'Pariah: The Lives and Deaths of Sonny Liston' Review: Film captures boxing legend's meteoric rise and tries explaining his sudden death
Sonny Liston has no record of his birth. And there's account of his death. Liston was an enigma. In just over half a dozen years, he climbed the rungs steadily in the boxing world by claiming Floyd Patterson's heavyweight title with that epic first-round knockout. Later, he was alleged to have been selling heroin in Las Vegas. Follow this up with news of him dying of reported OD at his Ottawa Drive home— something that is widely believed to have actually been murder, Liston's life is a puzzle. More complex than an intricate jigsaw set.

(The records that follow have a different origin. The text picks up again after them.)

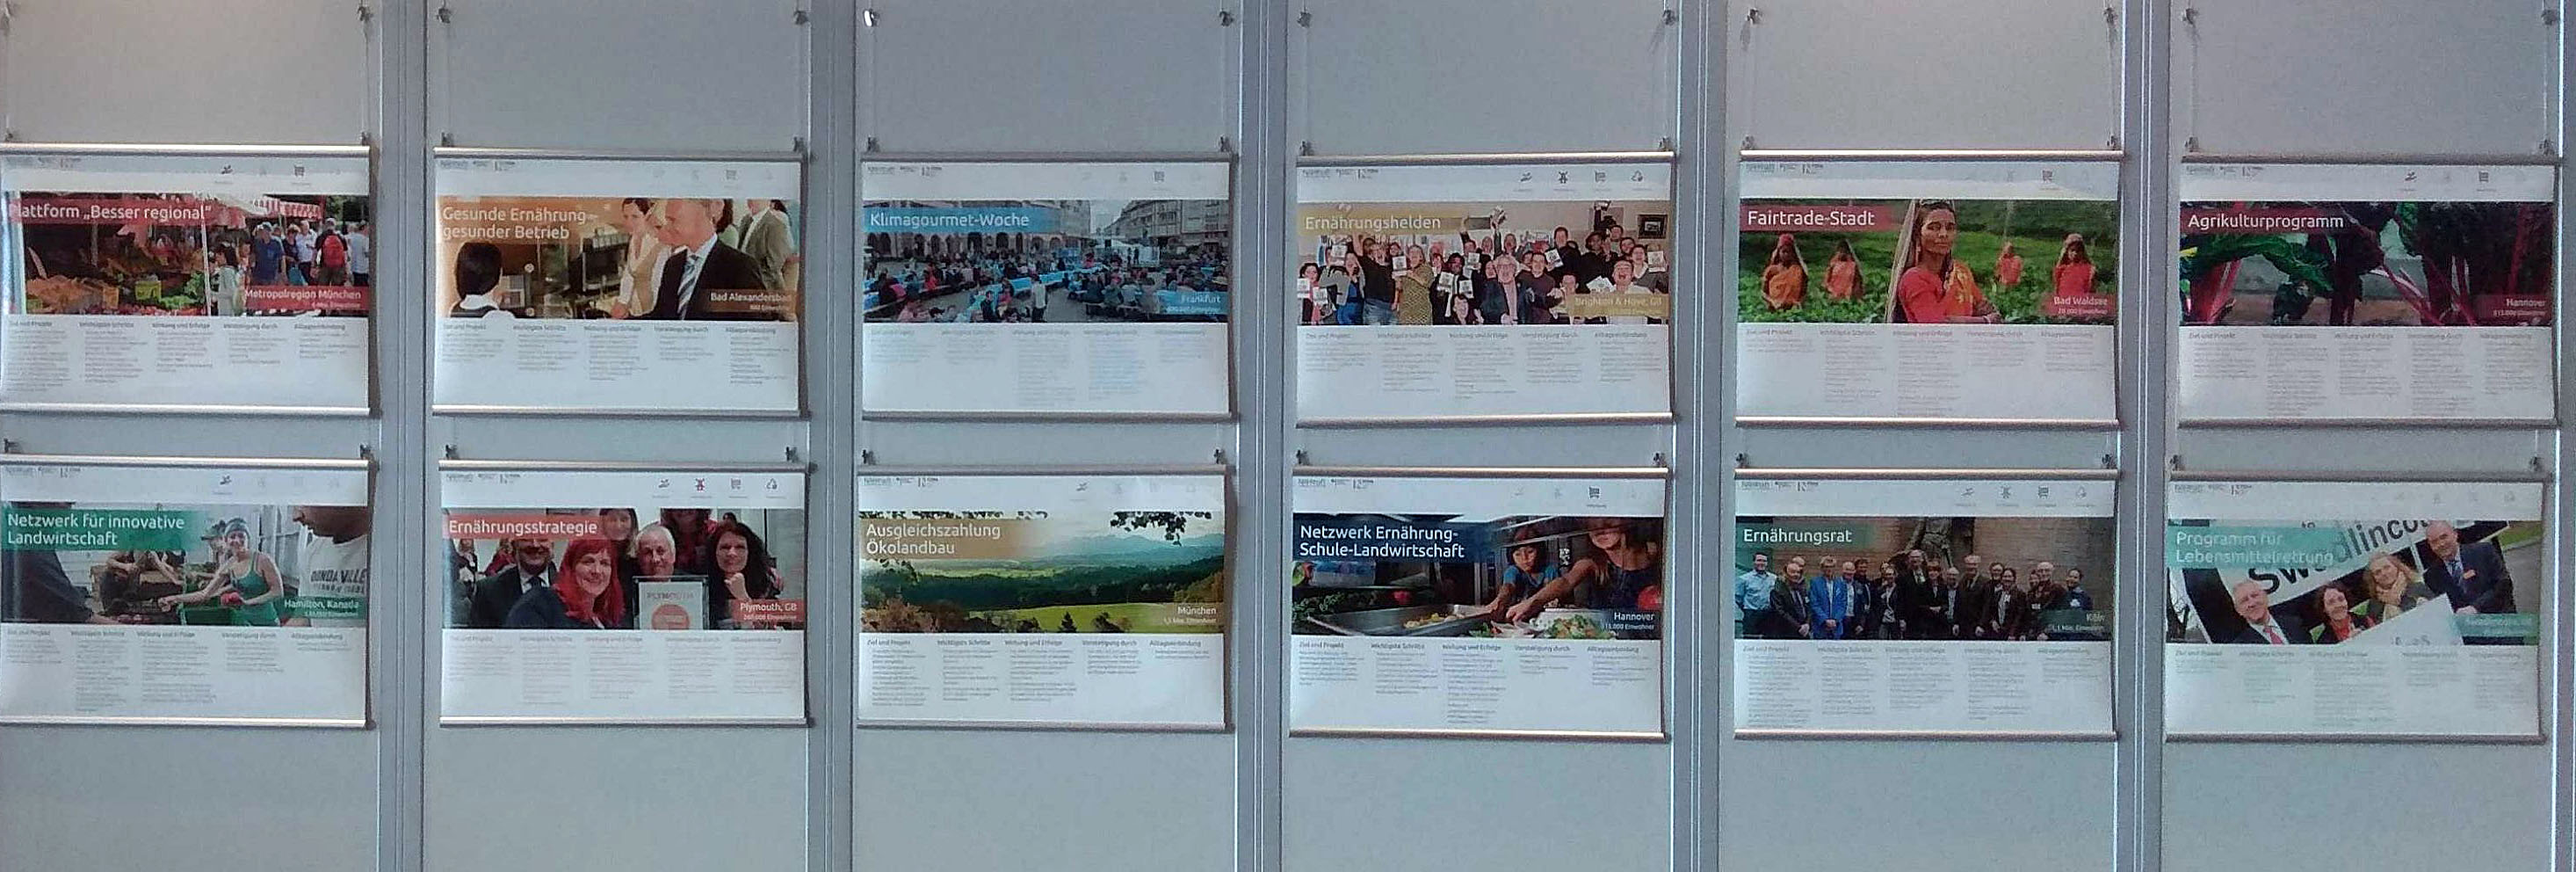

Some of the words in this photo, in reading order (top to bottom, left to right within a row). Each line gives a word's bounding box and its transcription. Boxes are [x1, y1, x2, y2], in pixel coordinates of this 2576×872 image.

[442, 207, 506, 221] Gesunde
[870, 213, 1030, 229] Klimagourmet-Woche
[1747, 210, 1876, 226] Fairtrade-Stadt
[2188, 214, 2344, 230] Agrikulturprogramm
[1306, 215, 1441, 232] Ernährungshelden
[443, 224, 510, 240] gesunder
[515, 226, 569, 239] Betrieb
[245, 289, 316, 301] Metropolregion
[318, 289, 361, 300] München
[710, 293, 727, 302] Bad
[1181, 294, 1221, 304] Frankfurt
[2054, 296, 2071, 305] Bad
[2073, 296, 2108, 306] Waldsee
[8, 513, 78, 528] Netzwerk
[83, 513, 104, 527] für
[108, 514, 185, 529] innovative
[449, 520, 598, 537] Ernährungsstrategie
[8, 531, 118, 546] Landwirtschaft
[866, 523, 1001, 541] Ausgleichszahlung
[1300, 525, 1372, 539] Netzwerk
[1376, 525, 1458, 543] Ernährung-
[1743, 528, 1853, 546] Ernährungsrat
[2176, 531, 2257, 547] Programm
[866, 539, 955, 555] Ökolandbau
[1299, 541, 1465, 558] Schule-Landwirtschaft
[2176, 549, 2334, 564] Lebensmittelrettung
[327, 600, 359, 609] Kanada
[740, 602, 783, 614] Plymouth,
[785, 602, 798, 612] GB
[1177, 606, 1217, 615] München
[1614, 612, 1654, 621] Hannover

Showtime manages to capture Liston's moments perfectly in 'Pariah: The Lives and Deaths of Sonny Liston'. His rise to fame was meteoric and his fall from the top was equally tragic. The man was born sometime around 1930 and was working in the fields when he was eight. That was also the time he was subjected to physical torture and he spent the growing up years in prison after being convicted of armed robbery. The prison was also where Liston donned his gloves and go on to turn pro. The year was 1953 and his contract was reigned by deadly mobsters back in the day — John Vitale, Frankie Carbo and Frank “Blinky” Palermo.

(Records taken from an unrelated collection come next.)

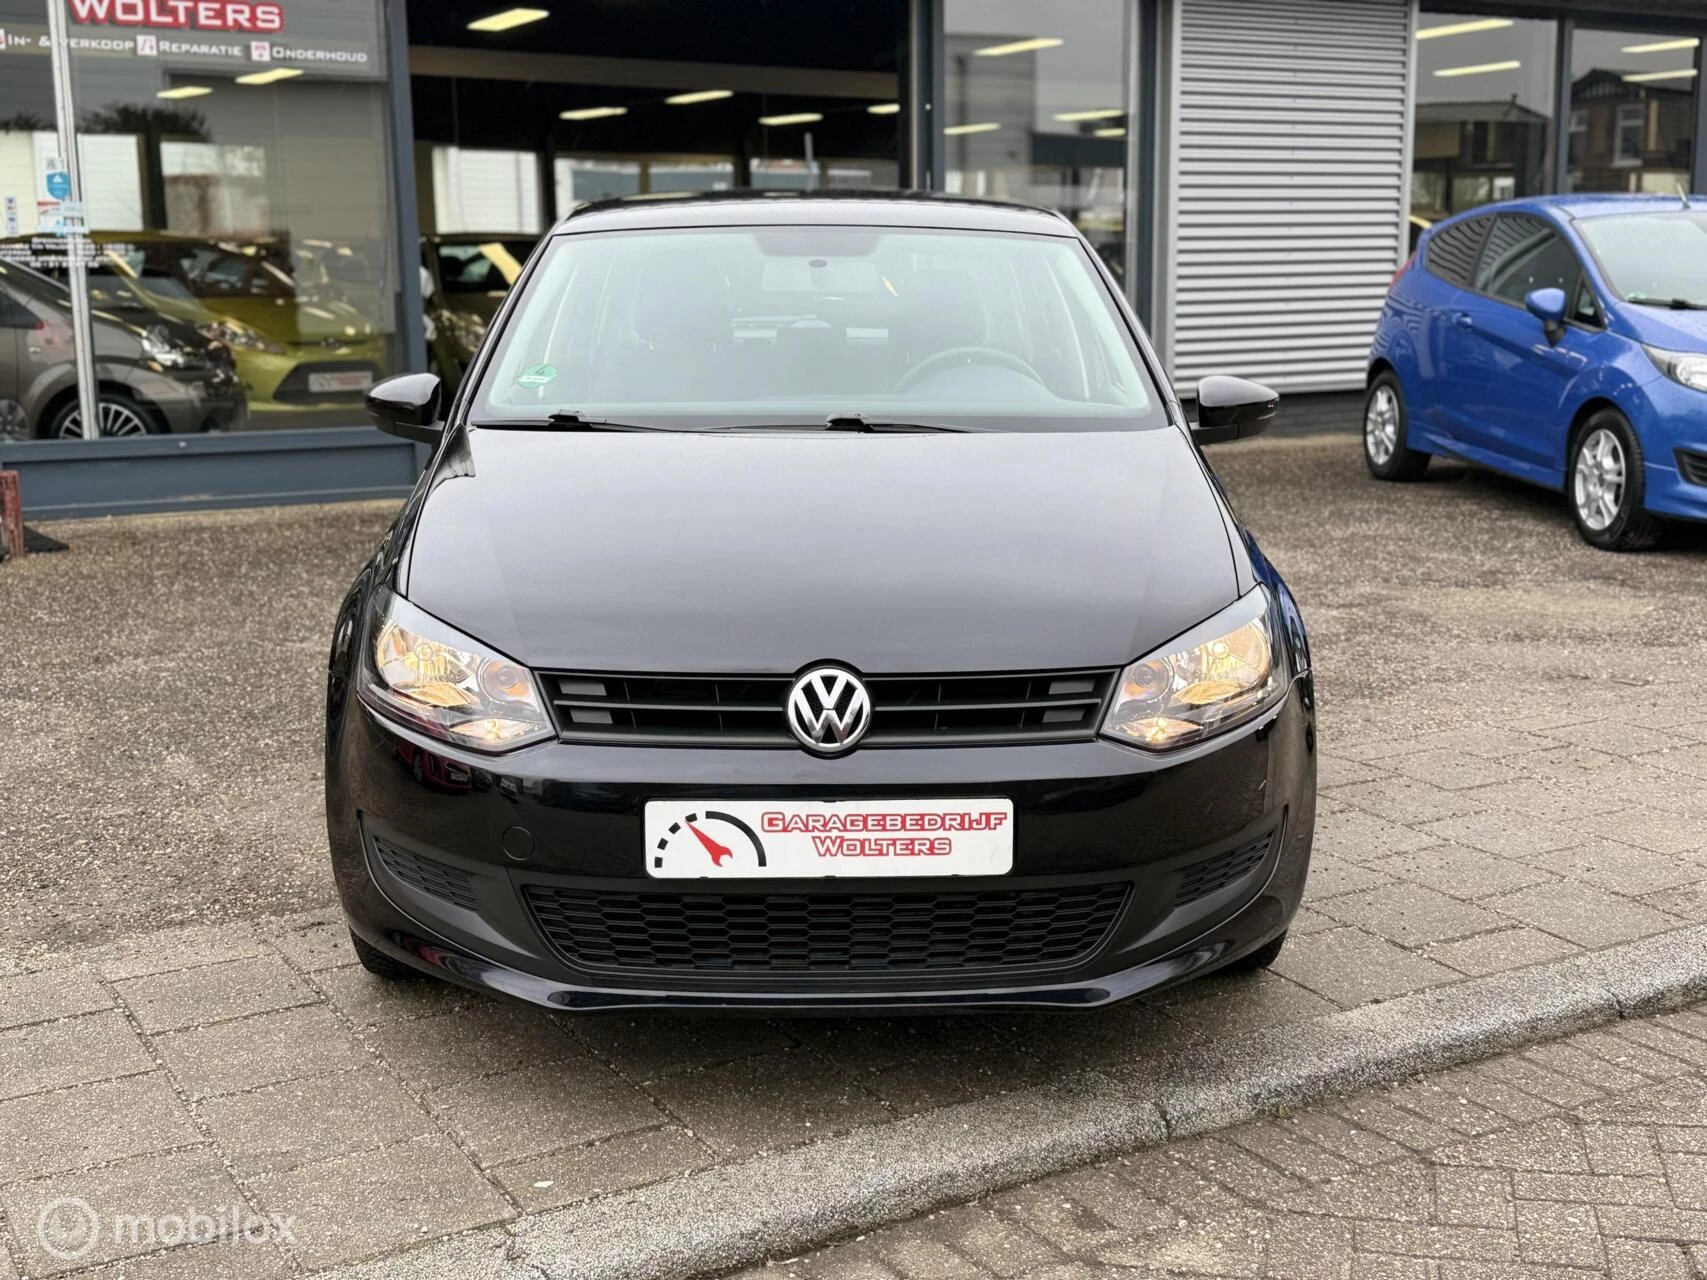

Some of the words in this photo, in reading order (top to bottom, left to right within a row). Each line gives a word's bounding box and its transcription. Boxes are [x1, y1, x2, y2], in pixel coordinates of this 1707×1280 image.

[71, 0, 281, 31] WOLTERS
[38, 35, 51, 47] &
[159, 40, 243, 57] REPARATIE
[271, 46, 368, 62] ONDERHOUD
[791, 669, 867, 746] VW
[761, 812, 1007, 832] GARAGEBEDRIJF
[812, 836, 952, 857] WOLTERS

The film also sheds light on his loss to Cassius Clay in '64 as well as the rematch. The defeats came under immense scrutiny for was rumored to have been rigged. In addition to his boxing ringside of life, there was his personal life that was captured as well. His final pro fight gets some explanation and his life with wife, Geraldine is outlined and so is her description of his death. Gandy is also the source of the lurid description of Liston’s body, found at his home on January 5, 1971, when Geraldine returned from a trip.
In what could be termed as the most tragic of narrations, Geraldine says the following about his death: "It didn’t even look like Liston, he’d been dead for so long. He’d been dead four or five days. He was bloated. He was full of methane gas. It really made me sick to my stomach because he was such a predominant figure in the sports world. I just thought it was a terrible, disrespectful way for him to go." While ODing was looked at as the cause, friends have a different say as they claimed the boxer was scared of needles and wouldn't have taken that route.
The 90-minute film also skims at the tales of revenge against him by local drug dealers, the mobs and some surprising names as suspects. 'The Lives and Deaths of Sonny Liston' leaves us with enough questions to ponder over by the time the credits come in. Who wanted him dead? Who didn't? Why and what would they get out of it?
And like we said, after all this, Liston remains an enigma.
'Pariah: The Lives and Deaths of Sonny Liston' premieres November 15 on Showtime.